Por que o MPF quer combater o estigma do HIV nas escolas públicas
A Procuradoria da República no Acre elaborou, em julho deste ano, duas recomendações para incluir o combate à discriminação relacionada ao HIV nas políticas permanentes das escolas públicas. Os documentos, assinados pelo procurador Lucas Dias e enviados aos ministérios da Saúde e da Educação, estabelecem prazo de 30 dias para que as pastas informem se acatarão as medidas.
A cobrança se baseia em um inquérito civil sobre a execução do Programa Saúde na Escola (PSE), iniciativa conjunta dos dois ministérios que leva ações de prevenção e assistência à saúde aos estudantes da educação básica pública.
Em julho de 2023, o governo federal usou o programa para retomar o ensino sobre saúde reprodutiva e prevenção de infecções sexualmente transmissíveis nas escolas. O Ministério Público Federal (MPF), porém, identificou uma omissão nessa política pública.
Ao analisar dados e ofícios das pastas, a Procuradoria constatou que não há uma diretriz nacional específica, elaborada em Brasília, para combater o preconceito contra pessoas que vivem com HIV. Segundo o órgão, a falta de orientações expressas prejudica a saúde integral de jovens soropositivos e abre espaço para a desinformação no ambiente escolar.
A movimentação jurídica coincidiu com os 45 anos da epidemia de aids, contados a partir dos primeiros registros oficiais e completados em junho de 2026. O inquérito afirma que a trajetória da doença acumula “narrativas estigmatizantes e discriminatórias, que, amparadas por discursos científicos então predominantes, reduziram pessoas e milhares de mortes à equivocada concepção de um ‘câncer gay’ ou ‘Gay-Related Immune Deficiency (GRID)’”.

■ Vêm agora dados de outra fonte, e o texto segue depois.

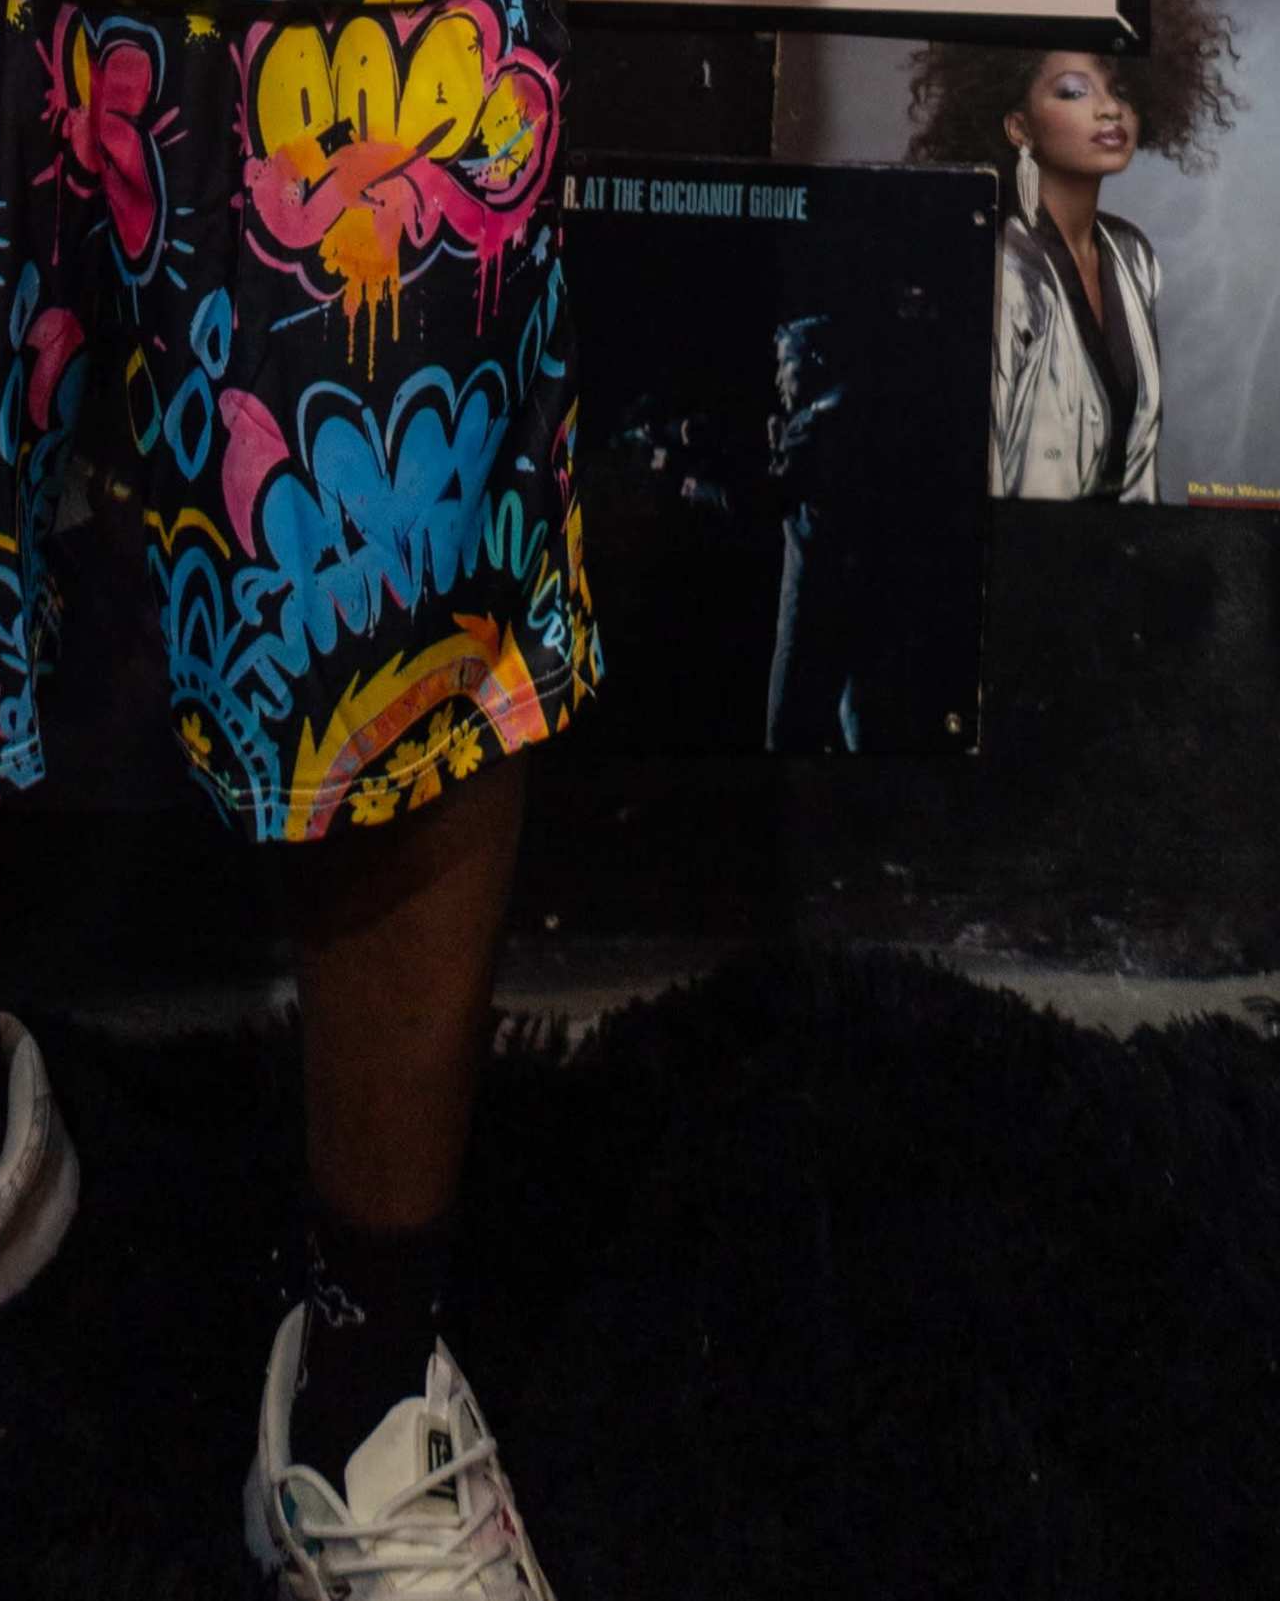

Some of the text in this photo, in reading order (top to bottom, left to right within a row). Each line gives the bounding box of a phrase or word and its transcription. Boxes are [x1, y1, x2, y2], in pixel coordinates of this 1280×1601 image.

O preconceito como obstáculo ao cuidado e ao acolhimento
A Procuradoria baseia seu diagnóstico nos dados da edição de 2025 do Índice de Estigma. Lançada em 2008 pela Rede Global de Pessoas Vivendo com HIV (GNP+) e outras entidades da sociedade civil, em parceria com o Unaids, a pesquisa mapeia violações de direitos e barreiras de acesso à saúde.
O levantamento mais recente mostra que 52,9% dos brasileiros que vivem com HIV sofreram discriminação devido à sorologia ao longo da vida. O relatório associa a exclusão social a danos à saúde mental: 41,2% dos entrevistados apresentaram sintomas de ansiedade, e 29,1%, sinais de depressão.
Durante a investigação, o Ministério da Saúde atribuiu a falta de ações próprias às limitações impostas pela “autonomia interfederativa” de estados e municípios. Lucas Dias rejeitou a justificativa.
No documento, o procurador avalia que esse entendimento inviabiliza a construção de uma estratégia nacional centralizada. Para sustentar a cobrança, cita uma decisão do Supremo Tribunal Federal segundo a qual “o estabelecimento de grupos e não de condutas de risco incorre em discriminação e viola a dignidade humana e o direito à igualdade”.
O que os números dizem
As estatísticas também revelam desigualdades raciais. Pessoas negras representam 62,2% das mortes por complicações associadas ao HIV no Brasil, enquanto a população branca responde por 36,6% dos óbitos.
A Secretaria Nacional dos Direitos das Pessoas LGBTQIA+ informou à Procuradoria que a escola continua sendo um ambiente hostil para quem integra a sigla. Segundo o órgão, a falta de formação adequada entre profissionais da educação reforça a insegurança de jovens LGBTQIA+ em situação de vulnerabilidade.
Na área educacional, o MPF recomendou a criação de regras específicas de proteção. O documento enviado ao Ministério da Educação prevê protocolos para “prevenção, identificação, registro, acolhimento, acompanhamento e encaminhamento de casos de bullying, cyberbullying, discriminação, violência sexual, violência de gênero, violência psicológica, violência institucional, violação de sigilo ou exclusão motivados por estado sorológico real ou presumido”.
O procurador fundamentou a urgência das medidas na informação de que o bullying está presente em 100% das escolas brasileiras.
As recomendações também incluem a formação continuada de professores e profissionais de saúde sobre prevenção combinada e igualdade de gênero, a abertura de canais confidenciais de denúncia nas escolas e a produção de materiais pedagógicos dedicados à “eliminação de mitos e desinformações relacionados ao HIV/aids”.
O objetivo é garantir que a educação pública promova o respeito à diversidade e impeça que a intolerância afaste estudantes das salas de aula.